A charge q1 = -6.5 µC is at the origin, and a charge q2 = -2.42 µC is on the x axis atx = 1.00 m. To what value of x should q3 be located for the net force on it to be zero?

To solve this problem, we need to use Coulomb's Law, which states that the force between two charges is directly proportional to the product of their charges and inversely proportional to the square of the distance between them. The force is given by the equation:

F = k * |q1*q2| / r^2

where:

• F is the force between the charges,
• k is Coulomb's constant (8.99 * 10^9 N m^2/C^2),
• q1 and q2 are the charges,
• r is the distance between the charges.

We are looking for the position x where the net force on q3 is zero. This means that the force exerted by q1 on q3 is equal and opposite to the force exerted by q2 on q3.

Let's denote:

• F13 as the force between q1 and q3,
• F23 as the force between q2 and q3,
• x1 as the position of q1 (which is 0),
• x2 as the position of q2 (which is 1 m),
• x3 as the position of q3 (which we are looking for).

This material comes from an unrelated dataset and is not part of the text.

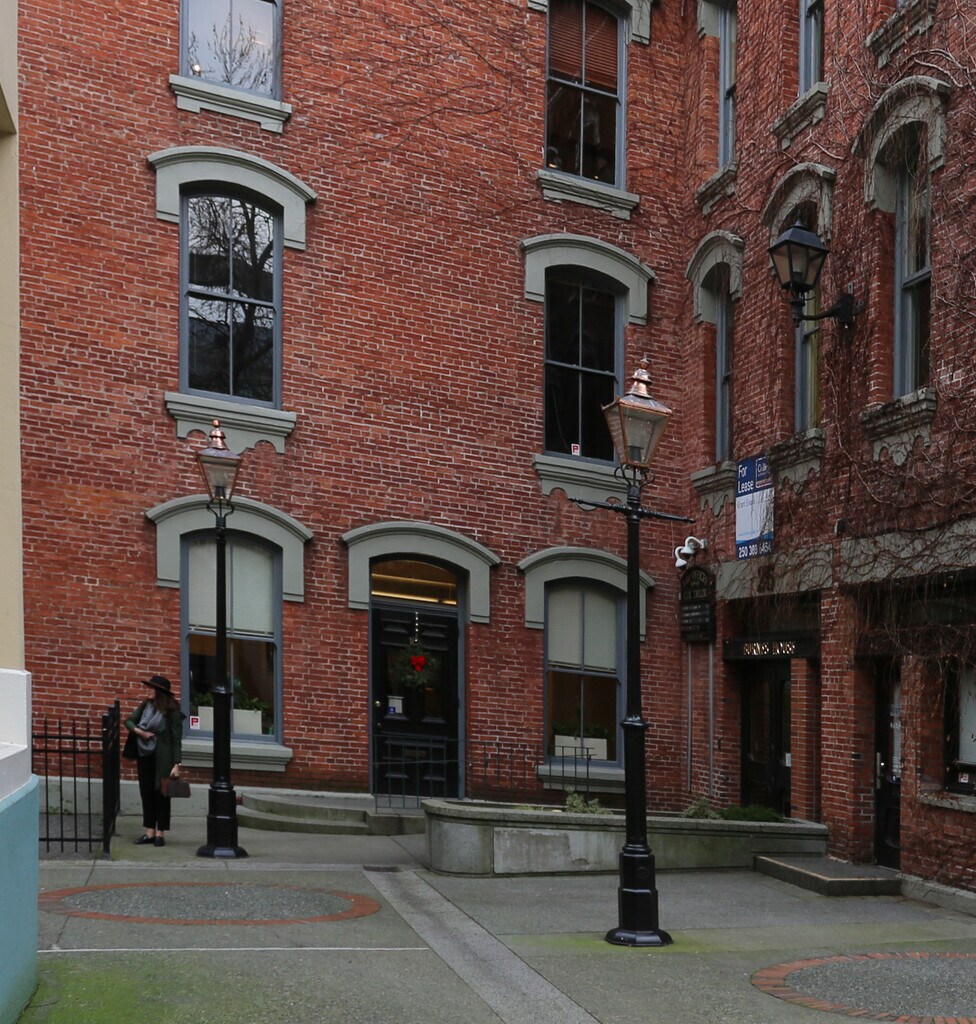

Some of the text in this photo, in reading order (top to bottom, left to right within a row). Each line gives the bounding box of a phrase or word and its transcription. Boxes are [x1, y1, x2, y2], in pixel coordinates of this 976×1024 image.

[738, 464, 748, 478] For
[737, 480, 754, 494] Lease
[738, 546, 748, 558] 250

We have two scenarios for x3: one where x3 is between q1 and q2 (0 < x3 < 1), and one where x3 is beyond q2 (x3 > 1).

1. For 0 < x3 < 1:

We can write the equation for the net force on q3 as follows:

F13 = F23 k * |q1q3| / (x3 - x1)^2 = k * |q2q3| / (x3 - x2)^2

We can simplify this equation by cancelling out the k and q3 terms, and solving for x3:

|q1| / x3^2 = |q2| / (x3 - 1)^2

2. For x3 > 1:

The equation for the net force on q3 is:

F13 = F23 k * |q1q3| / (x3 - x1)^2 = k * |q2q3| / (x2 - x3)^2

Again, we can simplify this equation by cancelling out the k and q3 terms, and solving for x3:

|q1| / x3^2 = |q2| / (1 - x3)^2

Now, you can plug in the given values for q1 and q2 into these equations and solve for x3. Remember that the charges are given in µC, so you need to convert them to C by multiplying by 10^-6. Also, keep in mind that the charges are negative, but the force is always positive due to the absolute value in the equations.

To solve this problem, we need to consider the forces acting on q3 due to q1 and q2. The force between two charges is given by Coulomb's law:

F = k * |q1*q2| / r^2

where k is Coulomb's constant (8.99*10^9 N m^2/C^2), q1 and q2 are the charges, and r is the distance between them.

The net force on q3 will be zero when the force on q3 due to q1 is equal and opposite to the force on q3 due to q2. This gives us two possible positions for q3, one on either side of the origin.

Let's first consider the case where q3 is located at x > 1.00 m. The force on q3 due to q1 is:

F_31 = k * |q1*q3| / x^2

and the force on q3 due to q2 is:

F_32 = k * |q2*q3| / (x-1)^2

Setting these equal gives:

|q1q3| / x^2 = |q2q3| / (x-1)^2

We can cancel out the q3 and k terms and solve for x:

|q1| / x^2 = |q2| / (x-1)^2

Solving this equation will give the position x where q3 should be located for the net force on it to be zero.

Repeat the same process for the case where q3 is located at x < 0 to find the other possible position.